= Jack Minnis =

American civil rights activist

Jack Minnis (1926–2005) was an American activist, and the founder and director of opposition research for the Student Nonviolent Coordinating Committee in the Civil Rights Movement era. Minnis researched federal expenditures and state and local subversion of racial equality. Minnis was white, but remained affiliated with SNCC even after it adopted a "blacks only" personnel policy, its only white employee for a long time. He helped to train such workers as Stokely Carmichael, Marion Barry, and John Lewis.

Minnis had been hired by the Southern Regional Council to evaluate their Voter Education Project, which included voter registration efforts in the South in 1962. Minnis was fired for what he later said were justifiable political reasons, and suggested that SNCC start its own research unit to aid its activist effort. Jack Minnis ran SNCC's research department out of the Atlanta office, but traveled widely in the South to assist local efforts to register voters.
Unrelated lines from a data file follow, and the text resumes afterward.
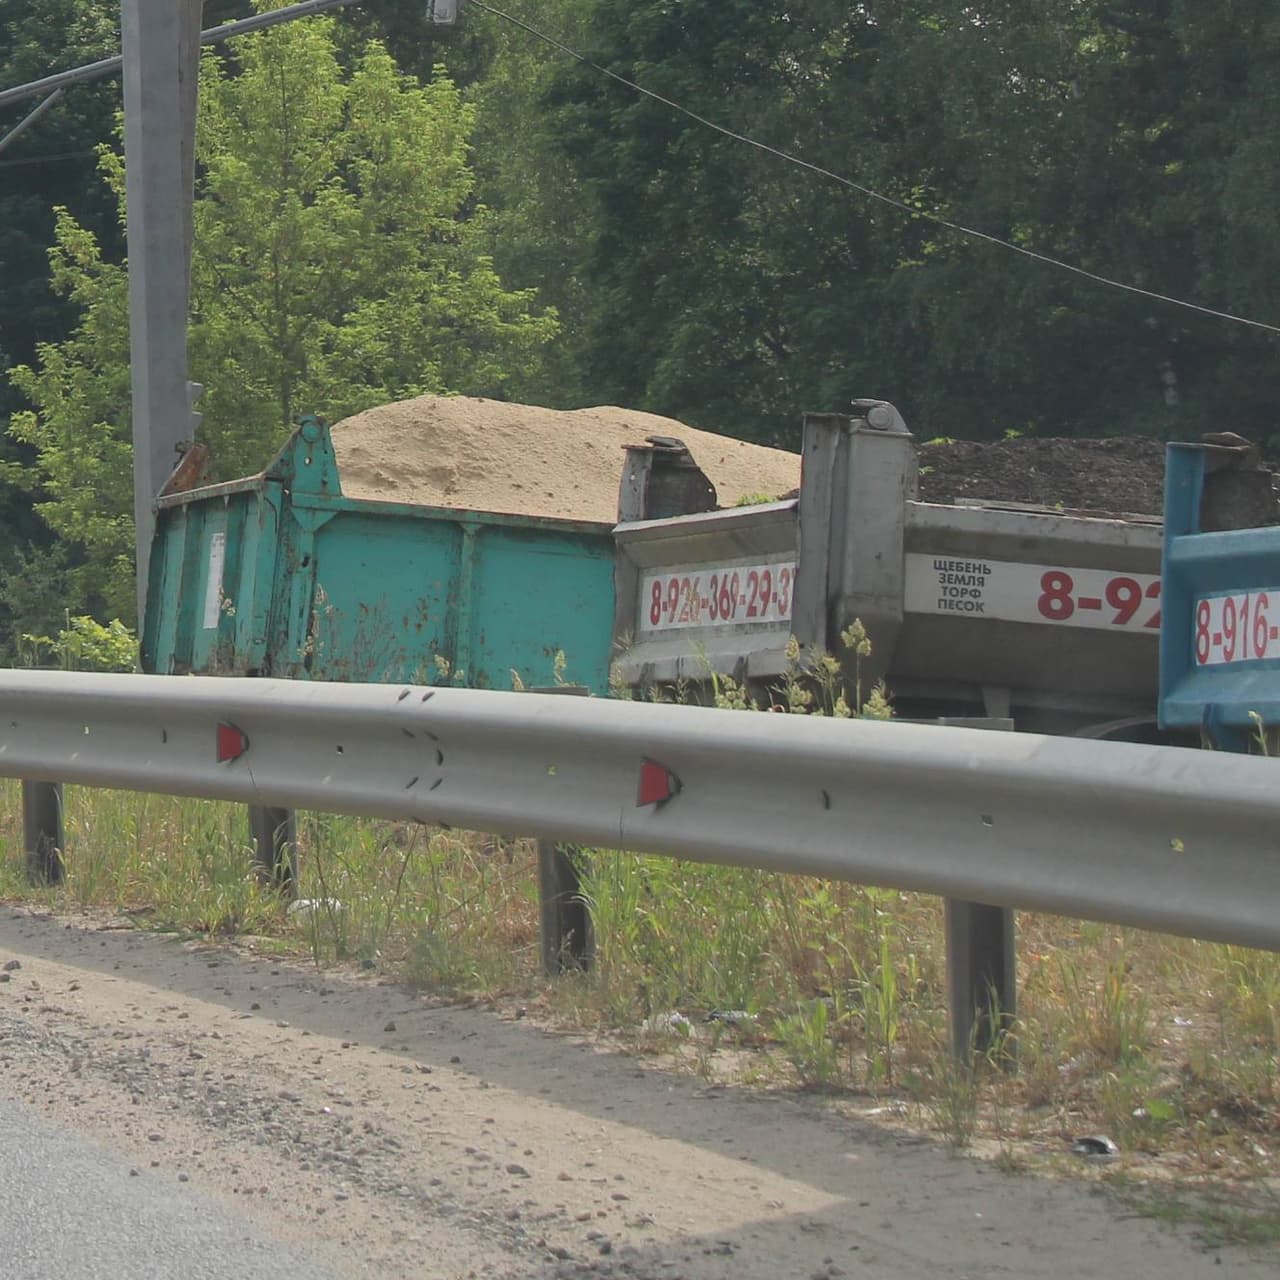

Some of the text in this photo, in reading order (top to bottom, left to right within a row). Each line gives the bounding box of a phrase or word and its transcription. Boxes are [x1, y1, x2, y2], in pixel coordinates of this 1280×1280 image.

[934, 560, 991, 575] ЩЕБЕНЬ
[939, 573, 984, 587] ЗЕМЛЯ
[650, 567, 798, 626] 8-926-369-29-3
[941, 586, 981, 598] ТОРФ
[938, 599, 984, 614] ПЕСОК
By 1965, Minnis was producing a weekly mimeographed opposition research-based newsletter, Life in the Great Society with Lyndon, which made public some of the activities of President Lyndon B. Johnson that were not covered by the mainstream media. These weekly reports played a significant role in the radicalization of SNCC, the Southern Christian Leadership Conference, and CORE field staff.

Minnis watched closely the movement of federal money toward corporate interests; he remarked on such various incidents as Johnson's appointment of a Merck policymaker to a board that would determine Merck's culpability for false claims with its Sucrets coughdrop product, and an Agency for International Development project that was possibly a front for CIA activity.
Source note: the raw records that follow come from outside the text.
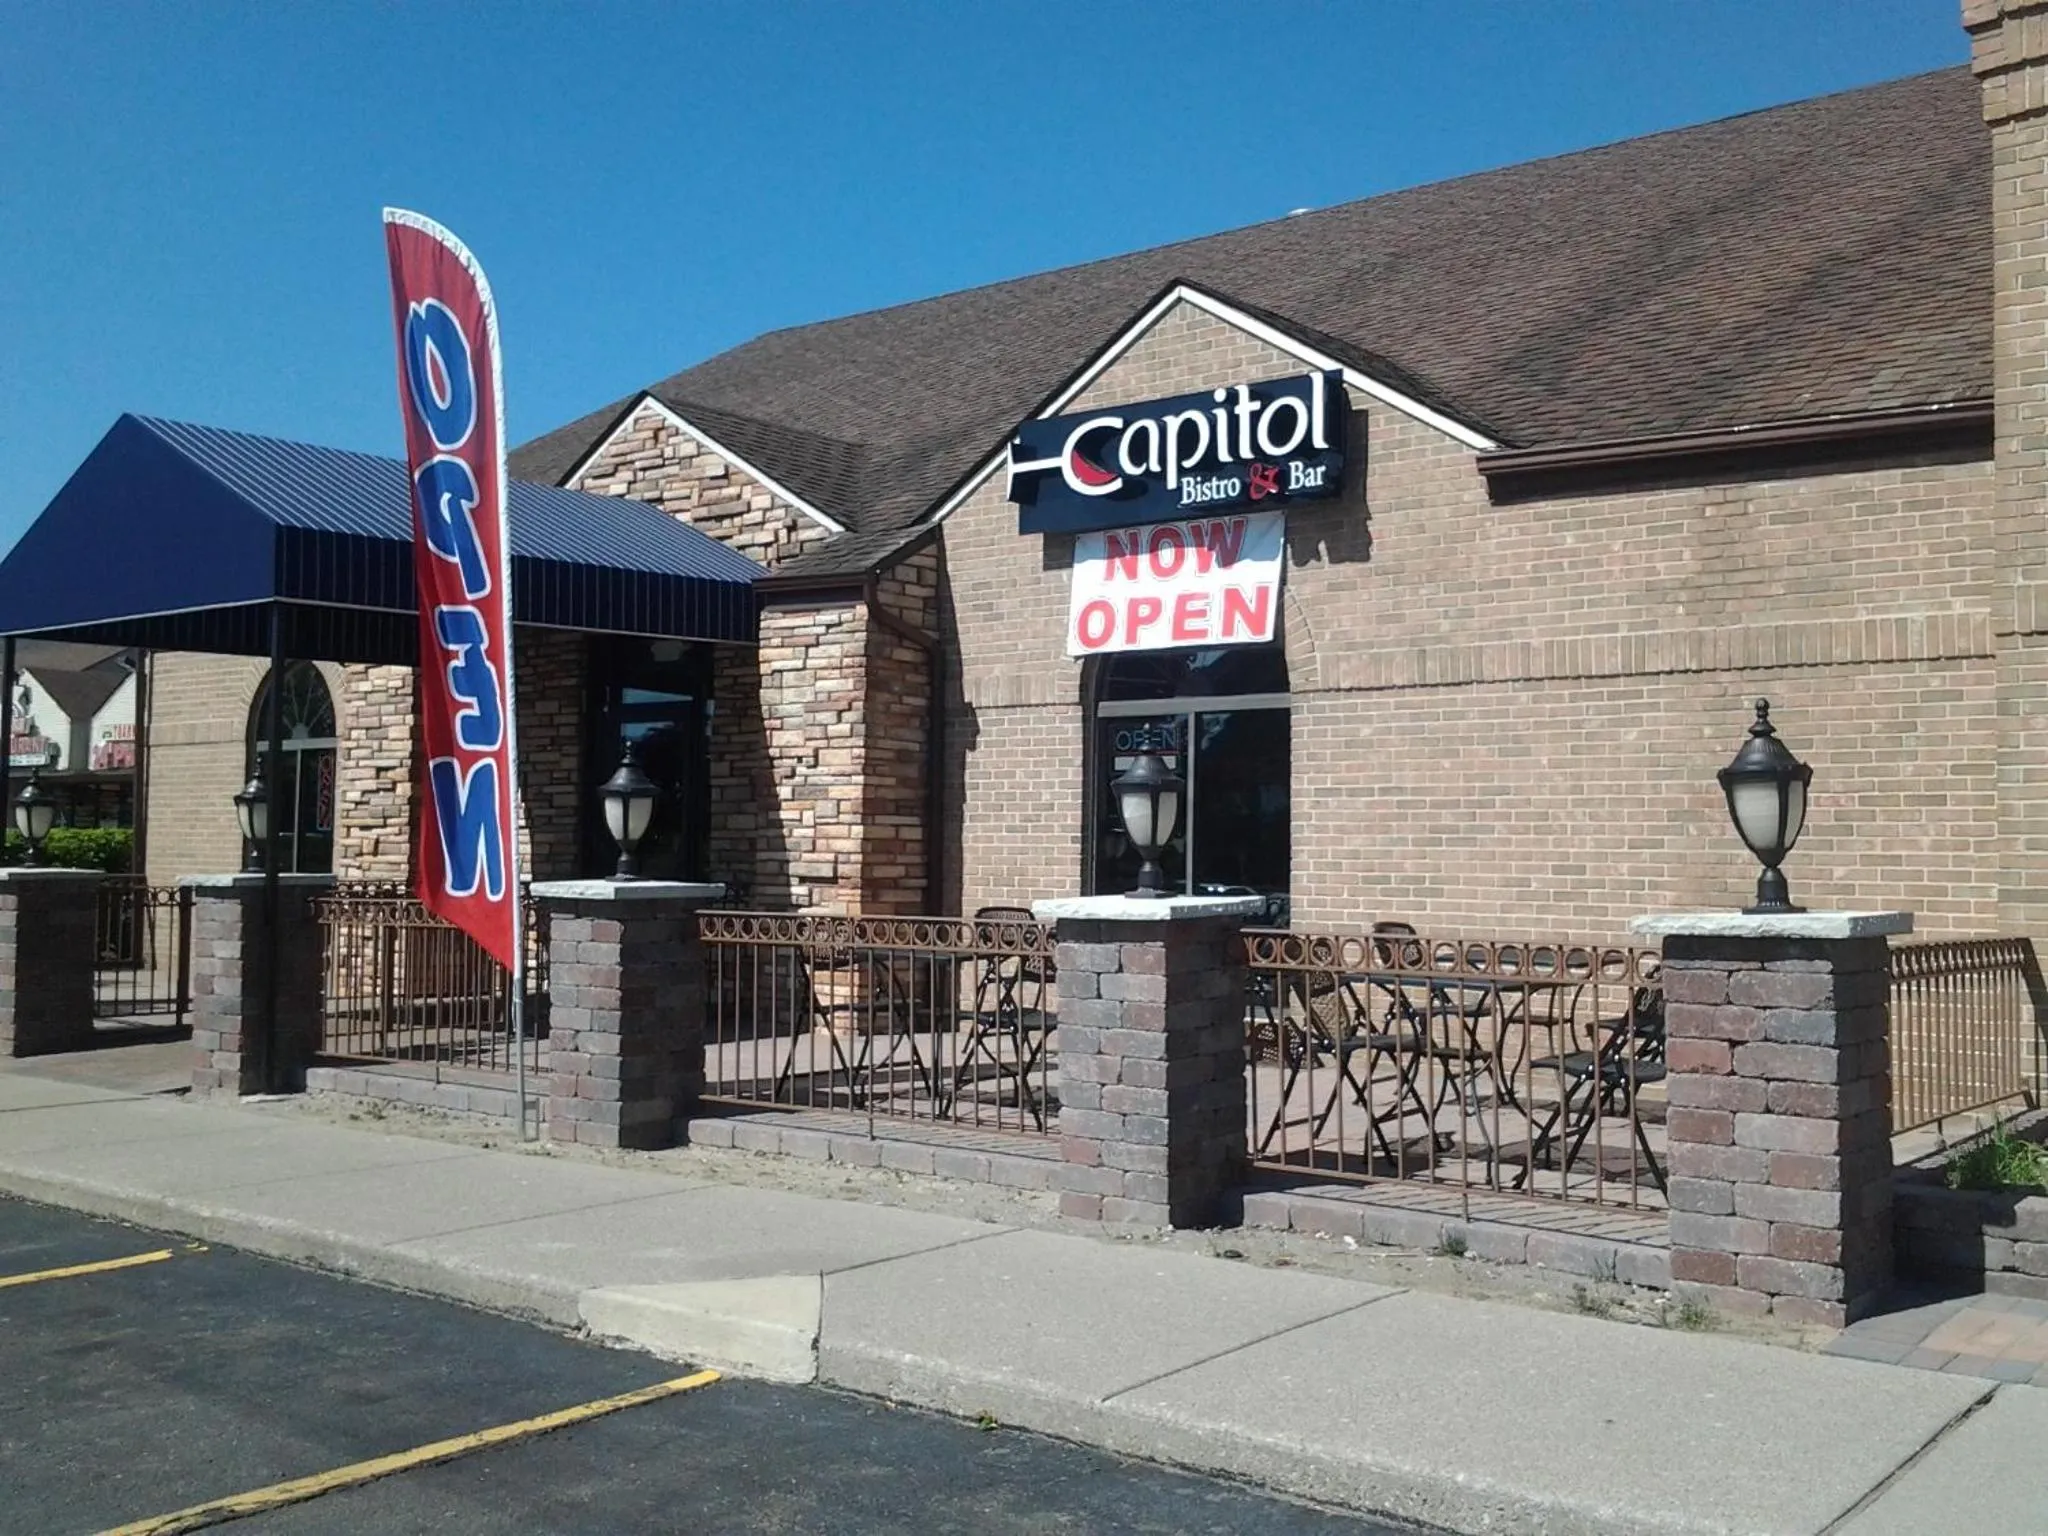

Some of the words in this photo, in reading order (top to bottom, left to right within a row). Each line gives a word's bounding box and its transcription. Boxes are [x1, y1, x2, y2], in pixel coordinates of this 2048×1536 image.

[1061, 371, 1329, 496] Capitol
[1179, 475, 1240, 506] Bistro
[1248, 462, 1279, 501] &
[1287, 461, 1327, 491] Bar
[1103, 517, 1248, 583] NOW
[1075, 585, 1272, 650] OPEN
Once the Civil Rights Act became law in 1964, Minnis monitored its enforcement and found the Johnson administration's work to be "shoddy" in desegregating schools and hospitals. He also pointed out that there were still laws on the books in many states that prevented black from being jurors. Minnis kept a substantial file on the activities of the White Citizens Council in the "black belt" states in the South, and conducted research in standard reference works such as Moody's Manuals, Standard and Poor's Registry, and census data to link prominent white citizens in the South to white violence and anti-labor activities. He organized his files for quick access, and made information available to groups sympathetic to SNCC's objectives. Minnis discovered a little-known loophole in Alabama law that enabled blacks in Lowndes County to form an independent party and run for office without navigating the traditional local two-party systems. His activities and writings were monitored by the Mississippi State Sovereignty Commission, a state-run segregationist surveillance unit directed by the governor that enlisted and paid ordinary citizens to report "suspicious" activity. Minnis's movements in the South were tracked with the aid of state police in several states who telexed his license plate numbers to law enforcement in towns where Minnis conducted workshops on how to register to vote, how to run for office, and other normal citizenship activities. The Sovereignty Commission's files on Minnis contain 88 items.

Minnis had a profound influence on journalists of the Civil Rights Movement, and journalists who later documented the movement. Judy Richardson, who produced the documentary Eyes on the Prize said, "Whenever I speak on campuses about SNCC, I talk about Minnis...about SNCC's research department and Jack: He was this crusty older white guy who smoked like a fiend, looked generally unkempt, and could get research from a turnip. He was always finding information --like buried treasure --that would make all the difference... the way Minnis organized material had affected me.. . Minnis's chronology was invaluable in helping northern journalists understand the extent of what we were dealing with."